Kreplak había manifestado que esta alternativa que hoy se analiza con más fuerza, es razonable y que se discute “en todo el mundo”. Si bien aún no se han tomado decisiones concretas respecto a la modalidad de suministrar una sola dosis, por el momento solo se discuten y se estudian estas posibilidades. Por su parte, el ministro porteño indicó mediante la conferencia de prensa diaria por el reporte de coronavirus en la Ciudad, que nuestro país “rediscute la estrategia de vacunación nacional”, y sostuvo que existe evidencia sobre que “es conveniente postergar, dentro de la franja de seguridad de cada vacuna, el segundo componente y ampliar la base de vacunación de primera dosis”.
Quirós también se refirió al malestar que se produjo ayer en las puertas del Club Atlético River Plate donde 50 personas que se desempeñan como trabajadores sanitarios no pudieron recibir la segunda dosis de la vacuna china Sinopharm porque no había stock. El descontento se generó a raíz de un problema de logística, que según aclararon desde las autoridades porteñas, hubo una confusión al comunicar que se iban a reprogramar los turnos y “algunas personas no recibieron la notificación”.

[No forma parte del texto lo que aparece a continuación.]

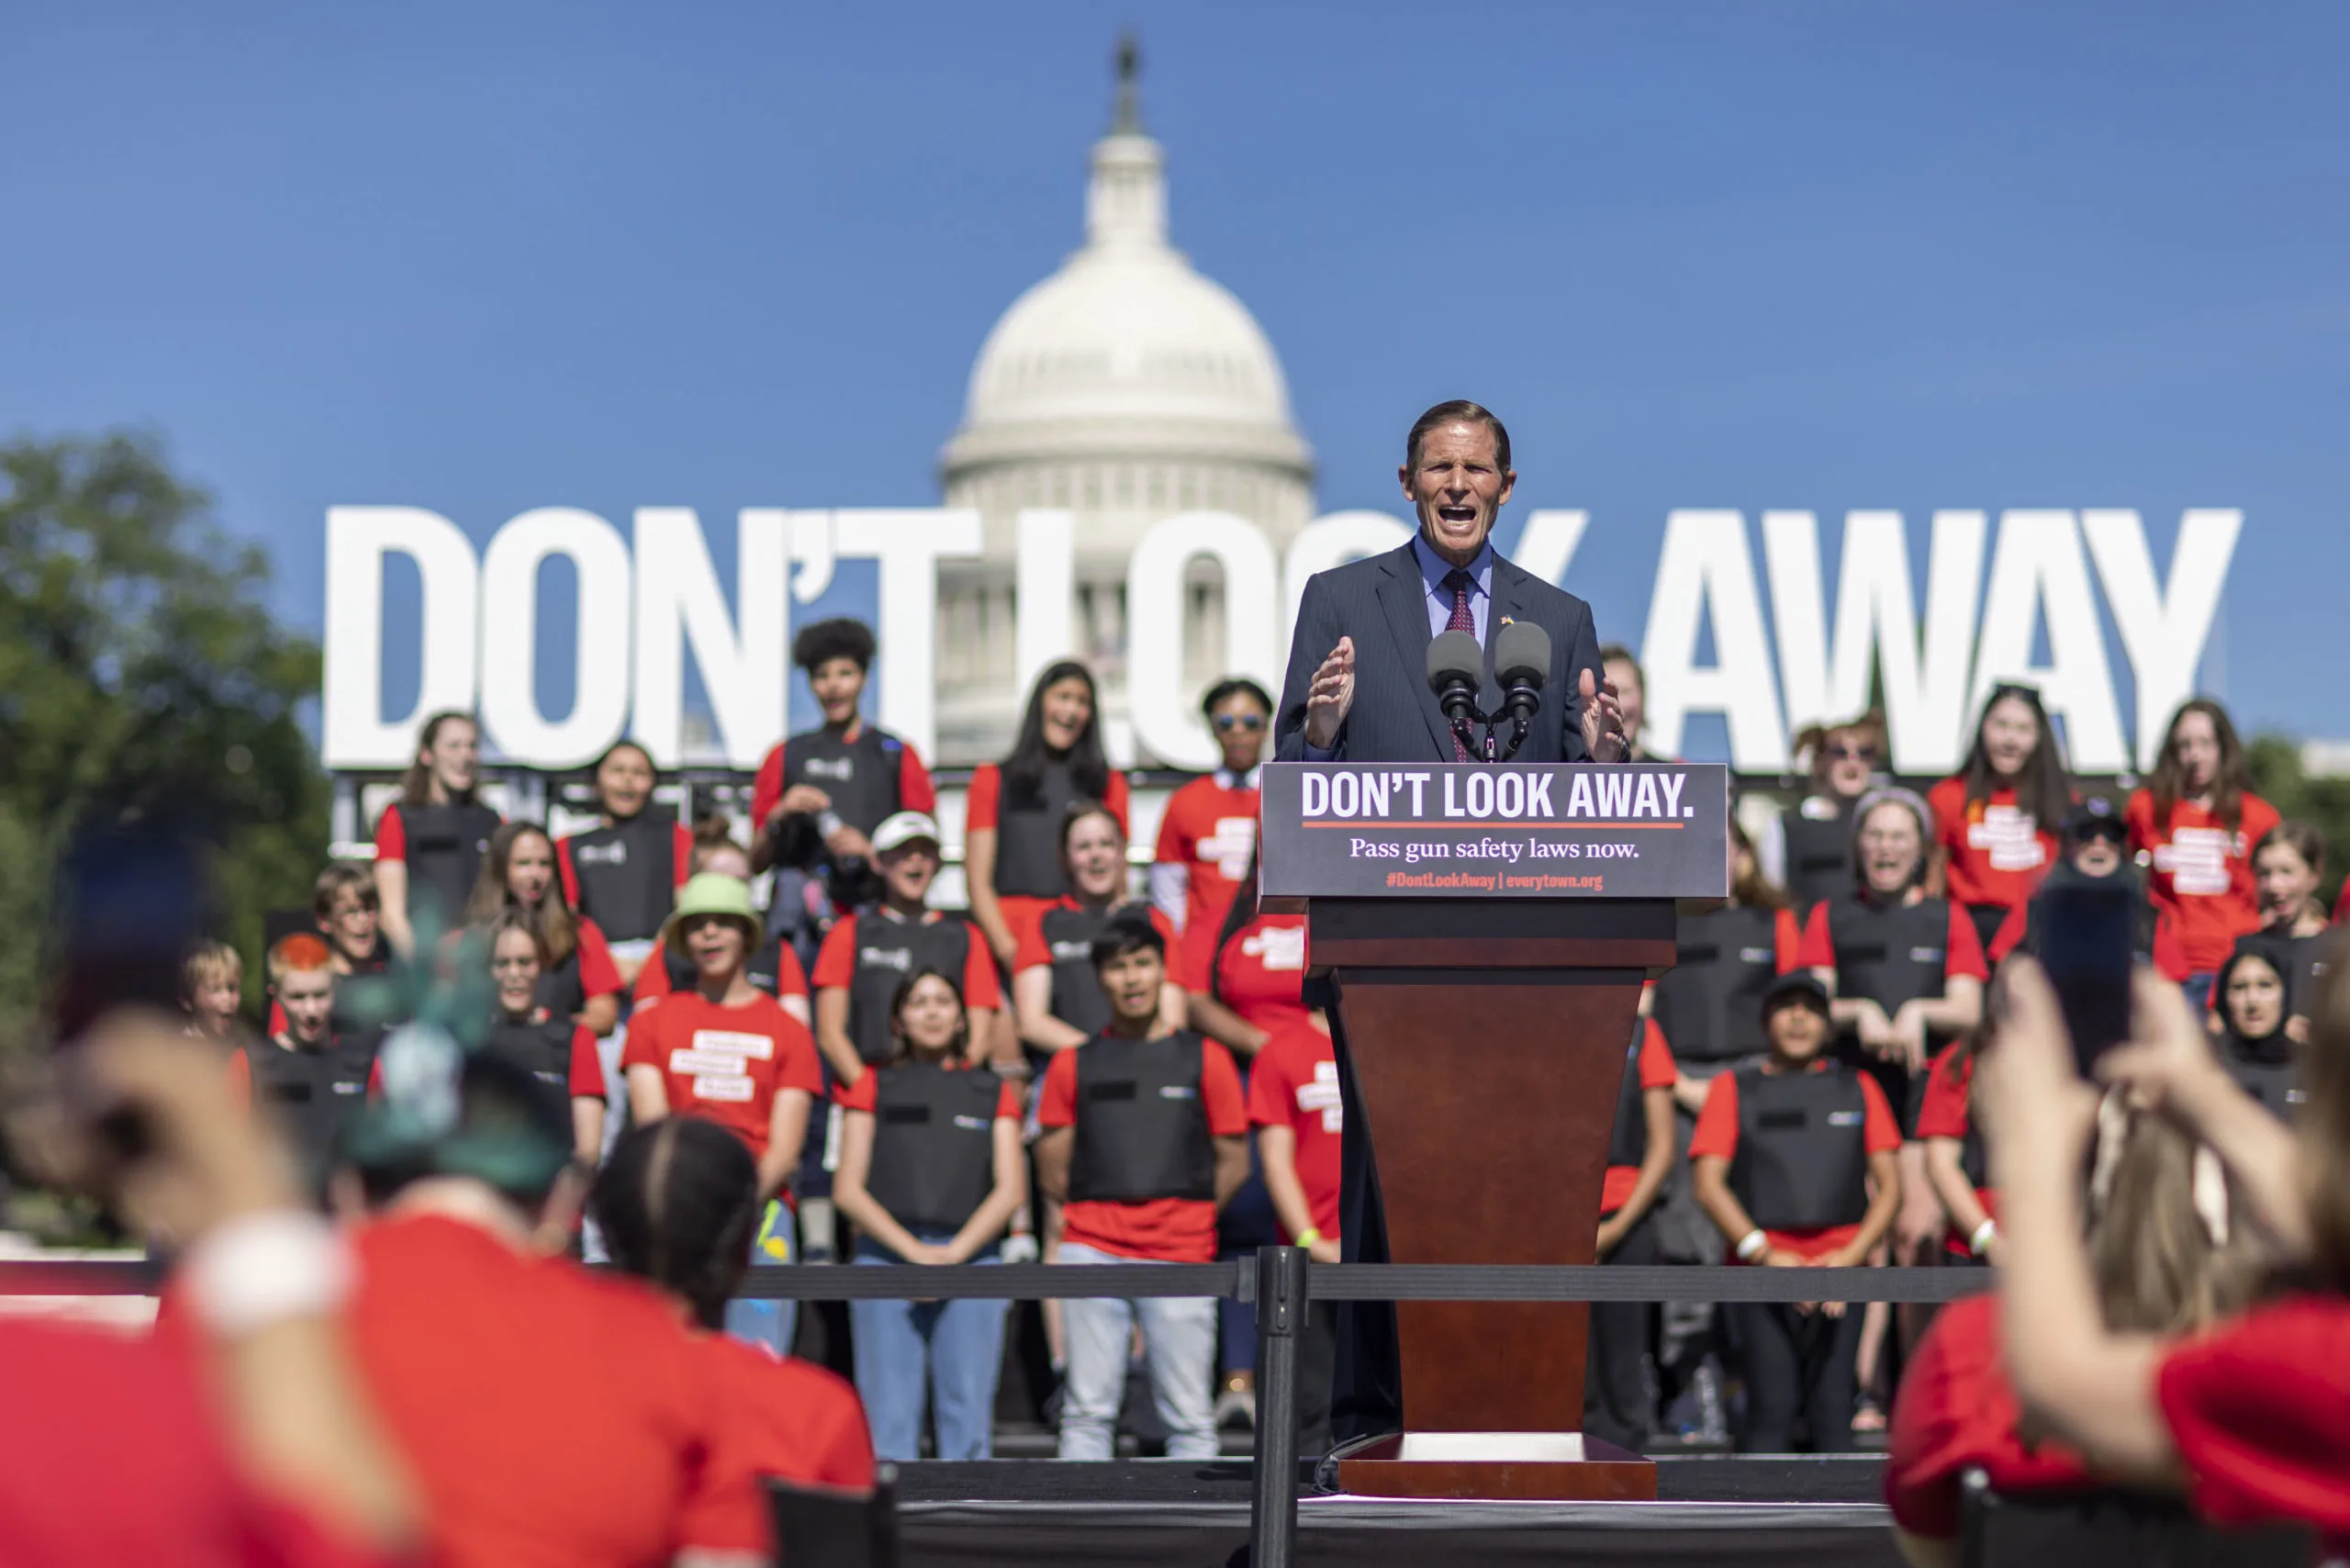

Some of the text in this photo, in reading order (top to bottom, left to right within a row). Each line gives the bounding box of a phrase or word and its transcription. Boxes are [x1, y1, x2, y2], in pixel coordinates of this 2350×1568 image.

En tanto, el funcionario de la Ciudad también se refirió a la inminente llegada de una segunda ola, dijo que no tiene dudas que habrá una “segunda ola de contagios por delante” y que “no es una posibilidad, ya que ocurrió en todos los países”. Hizo hincapié en que las herramientas con las que se manejan para poder demorar esa llegada son “intensificar el rastreo, hacer test y aislamiento, volver a hacer un esfuerzo complementario de los cuidados y evitar al máximo las nuevas cepas”.